Yes. Since conda-forge hosts it's build recipes each in a single git repo, while Bioconda hosts everything in one big repo, the process would have to be different though. If you are interested, I can provide you with the necessary code or data from the Bioconda side. E.g. we could have something in bioconda-utils
(python module with CLI) that extracts what you need from a checkout of bioconda-recipes
.
It would also eliminate the package duplication for different platforms and arches.
Yes and no. The meta.yaml
format has, although young, already acquired quite a bit of legacy structure. It's no longer actually yaml. When writing the Bioconda "auto update" tool, I've had to mess with this...
Basically, the conda-build
tool applies a lot of stuff to that meta.yaml to be able to execute matrix builds. From one meta.yaml
, you can build for various architectures, but also for various versions of Perl/Python/Lua/R and versions of core libraries (boost, zlib, openssl, numpy, ...). This was originally achieved by having line based selectors (# [linux]
, # [not win]
, # [python >3.2 and not win]
. To add power, Jinja2 processing was added, so recipes became more of a meta.yaml_t
. With conda-build 3
yet more complexity was added, using e.g. {{ compiler('cxx') }}
to inject whatever compiler settings the build setup of the distribution has for compiling c++ packages (including library dependencies). The result is a legacy laden, quite difficult to understand parsing process that yields any number of meta.yaml
s for a single recipe. conda-build
has an API for this, but for reasons I have yet to understand regularly decides to actually download the source package to prepare the final set of meta.yaml
structures. Running this for all packages might take quite a while.
That said - we can parse the raw pseudo yaml recipe to extract the information you need here. Would you prefer doing that with your own scripts, with scripts provided by the channel, or by accessing data we keep online for you?
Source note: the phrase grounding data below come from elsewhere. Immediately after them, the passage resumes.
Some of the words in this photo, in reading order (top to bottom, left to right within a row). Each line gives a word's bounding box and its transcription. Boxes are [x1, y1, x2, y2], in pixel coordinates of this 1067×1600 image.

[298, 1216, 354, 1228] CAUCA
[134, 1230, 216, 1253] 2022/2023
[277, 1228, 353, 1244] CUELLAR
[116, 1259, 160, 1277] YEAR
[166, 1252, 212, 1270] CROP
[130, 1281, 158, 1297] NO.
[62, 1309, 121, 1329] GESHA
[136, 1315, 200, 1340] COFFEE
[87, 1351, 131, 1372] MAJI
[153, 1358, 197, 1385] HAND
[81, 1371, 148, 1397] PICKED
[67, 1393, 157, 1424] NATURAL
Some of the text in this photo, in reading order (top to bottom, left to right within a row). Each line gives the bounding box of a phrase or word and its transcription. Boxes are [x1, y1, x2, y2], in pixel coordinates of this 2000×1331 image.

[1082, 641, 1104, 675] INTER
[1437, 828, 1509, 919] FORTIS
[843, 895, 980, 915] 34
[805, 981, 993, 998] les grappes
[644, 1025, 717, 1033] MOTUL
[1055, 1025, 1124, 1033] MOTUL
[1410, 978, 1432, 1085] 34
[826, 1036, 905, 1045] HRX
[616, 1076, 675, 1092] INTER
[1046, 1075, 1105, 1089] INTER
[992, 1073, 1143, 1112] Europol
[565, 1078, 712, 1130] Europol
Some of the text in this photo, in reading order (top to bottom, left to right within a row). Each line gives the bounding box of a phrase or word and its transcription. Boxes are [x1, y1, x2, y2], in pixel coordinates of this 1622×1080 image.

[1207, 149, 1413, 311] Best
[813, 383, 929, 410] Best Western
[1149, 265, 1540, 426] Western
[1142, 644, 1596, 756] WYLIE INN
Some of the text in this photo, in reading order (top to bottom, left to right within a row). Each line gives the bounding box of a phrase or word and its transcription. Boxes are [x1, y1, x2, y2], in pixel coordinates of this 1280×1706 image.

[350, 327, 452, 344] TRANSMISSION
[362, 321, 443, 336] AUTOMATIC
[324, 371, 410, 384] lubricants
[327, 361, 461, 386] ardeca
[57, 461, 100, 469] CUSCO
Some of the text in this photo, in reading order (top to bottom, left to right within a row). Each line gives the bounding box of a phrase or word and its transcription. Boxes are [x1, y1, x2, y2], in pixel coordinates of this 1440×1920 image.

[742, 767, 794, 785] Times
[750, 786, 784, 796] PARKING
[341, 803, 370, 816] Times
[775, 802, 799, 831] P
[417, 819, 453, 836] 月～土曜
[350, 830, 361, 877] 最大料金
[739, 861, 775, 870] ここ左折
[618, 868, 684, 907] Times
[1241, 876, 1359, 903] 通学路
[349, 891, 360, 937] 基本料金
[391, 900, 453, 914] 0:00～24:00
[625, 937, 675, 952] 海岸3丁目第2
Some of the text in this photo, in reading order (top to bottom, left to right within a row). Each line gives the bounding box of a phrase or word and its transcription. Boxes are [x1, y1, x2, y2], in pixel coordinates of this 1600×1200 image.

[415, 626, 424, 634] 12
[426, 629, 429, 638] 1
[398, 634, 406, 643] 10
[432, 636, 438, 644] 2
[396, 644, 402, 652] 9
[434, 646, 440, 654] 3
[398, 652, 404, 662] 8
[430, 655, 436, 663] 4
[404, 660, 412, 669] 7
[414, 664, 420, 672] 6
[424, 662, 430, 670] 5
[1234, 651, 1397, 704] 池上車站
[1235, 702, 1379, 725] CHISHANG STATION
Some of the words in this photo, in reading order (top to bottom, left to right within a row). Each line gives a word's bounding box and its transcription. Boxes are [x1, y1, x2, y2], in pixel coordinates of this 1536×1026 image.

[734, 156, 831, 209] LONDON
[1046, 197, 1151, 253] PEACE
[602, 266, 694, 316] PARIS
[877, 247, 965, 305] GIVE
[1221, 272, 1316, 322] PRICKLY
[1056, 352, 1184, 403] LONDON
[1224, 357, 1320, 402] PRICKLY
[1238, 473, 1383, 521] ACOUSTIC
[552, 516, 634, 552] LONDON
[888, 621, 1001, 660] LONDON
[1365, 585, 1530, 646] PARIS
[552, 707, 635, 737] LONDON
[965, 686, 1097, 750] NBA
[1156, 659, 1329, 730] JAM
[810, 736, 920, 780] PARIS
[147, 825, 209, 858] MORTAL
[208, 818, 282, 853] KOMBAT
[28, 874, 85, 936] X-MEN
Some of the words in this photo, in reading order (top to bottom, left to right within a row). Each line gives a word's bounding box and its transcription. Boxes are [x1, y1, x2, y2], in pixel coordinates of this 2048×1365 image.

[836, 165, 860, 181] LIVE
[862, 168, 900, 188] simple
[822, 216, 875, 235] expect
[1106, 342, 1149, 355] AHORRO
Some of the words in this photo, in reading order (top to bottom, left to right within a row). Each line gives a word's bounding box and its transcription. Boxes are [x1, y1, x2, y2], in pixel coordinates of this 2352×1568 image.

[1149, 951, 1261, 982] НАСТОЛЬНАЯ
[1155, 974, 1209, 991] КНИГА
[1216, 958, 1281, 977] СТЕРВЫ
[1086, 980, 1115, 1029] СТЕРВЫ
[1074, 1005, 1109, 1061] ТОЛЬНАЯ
or by accessing data we keep online for you?
This is actually the only option. With 200+ repos to maintain, I don't have ability to maintain additionak repository specific code, and using external utilities would hinder repology portability. With more detailed data on hand maybe I'll be able to find a way to separate python modules.
Here's an elaborate documentation of what Repology expects: https://repology.org/addrepo. Closing this issue, as there's nothing to do on Repology side until engaged parties publish data in suitable format.
I wonder whether conda-forge's own format of the repository at https://github.com/regro/libcfgraph would provide better access to the conda-forge repository than the repodata.json
from anaconda.org does (which is known to miss a lot of the required meta data readily available in the actual conda-forge recipes).
There is also a mapping for all Python packages from PyPI to the conda-forge names available at https://github.com/regro/cf-graph-countyfair/blob/master/mappings/pypi/grayskull_pypi_mapping.yaml.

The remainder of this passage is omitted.